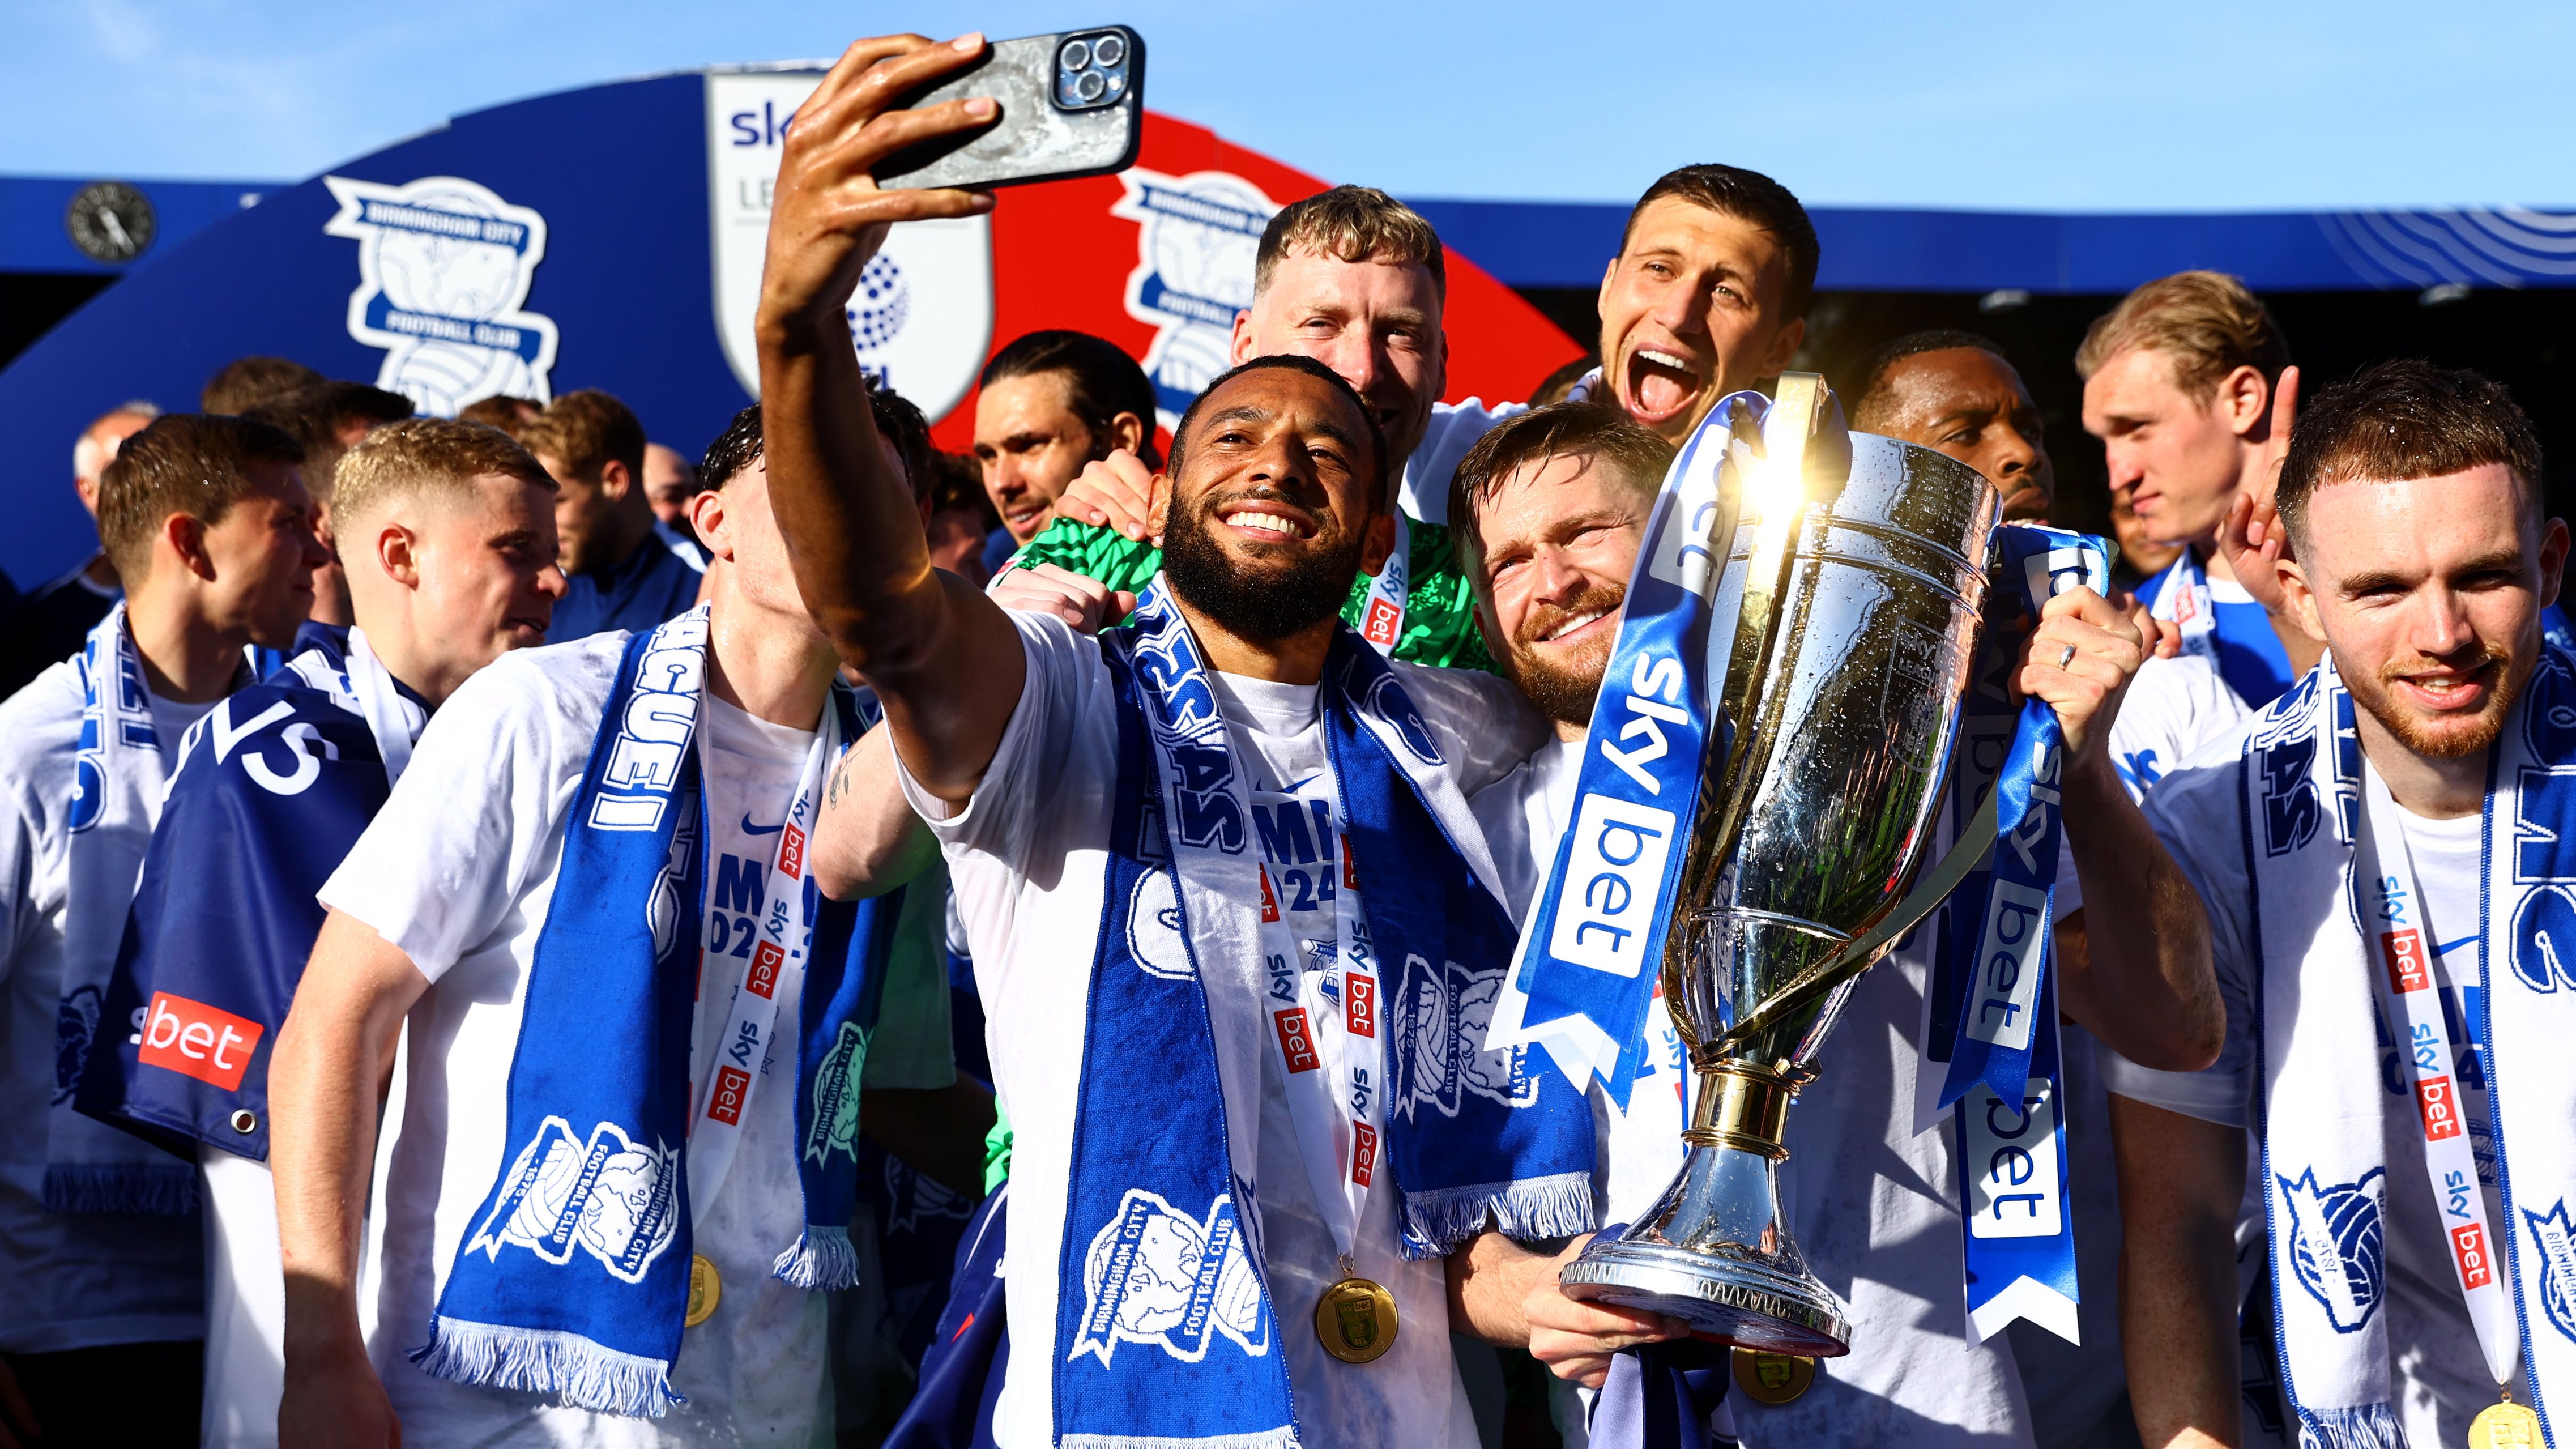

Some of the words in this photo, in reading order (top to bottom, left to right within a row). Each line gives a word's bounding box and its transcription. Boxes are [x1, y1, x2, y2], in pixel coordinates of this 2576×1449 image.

[731, 102, 794, 146] sk
[365, 201, 481, 240] BIRMINGHAM
[483, 220, 524, 246] CITY
[386, 311, 471, 340] FOOTBALL
[474, 324, 522, 351] CLUB
[1380, 562, 1404, 602] sky
[1371, 604, 1397, 641] bet
[1601, 651, 1688, 796] sky
[2011, 741, 2062, 876] sky
[784, 830, 803, 872] bet
[1576, 818, 1662, 953] bet
[2377, 876, 2407, 924] sky
[765, 898, 789, 943] sky
[1347, 920, 1373, 971] sky
[753, 947, 782, 995] bet
[1980, 899, 2039, 1029] bet
[2391, 935, 2422, 987] bet
[1266, 954, 1296, 1003] sky
[1283, 1015, 1313, 1066] bet
[1352, 980, 1372, 1032] bet
[1448, 984, 1460, 1052] FOOTBALL
[146, 1000, 242, 1069] bet
[729, 1020, 760, 1067] sky
[2411, 1022, 2440, 1072] sky
[716, 1072, 747, 1119] bet
[816, 1067, 845, 1140] BIRMINGHAM
[840, 1034, 854, 1063] CITY
[1351, 1067, 1371, 1120] sky
[1445, 1058, 1457, 1094] CLUB
[2423, 1082, 2454, 1135] bet
[569, 1144, 609, 1208] FOOTBALL
[1357, 1127, 1374, 1183] bet
[1986, 1096, 2045, 1221] bet
[639, 1163, 672, 1237] BIRMINGHAM
[552, 1211, 577, 1245] CLUB
[2445, 1170, 2471, 1218] sky
[2458, 1229, 2486, 1283] bet
[624, 1238, 647, 1271] CITY
[1091, 1243, 1133, 1332] BIRMINGHAM
[1124, 1203, 1146, 1239] CITY
[1184, 1259, 1219, 1336] FOOTBALL
[1208, 1218, 1233, 1256] CLUB

■ ■ ■ ■ ■

### Problem requirements
Using the entries above, tally every line that holds the word "FOOTBALL". Answer with that number only.

### Written response
4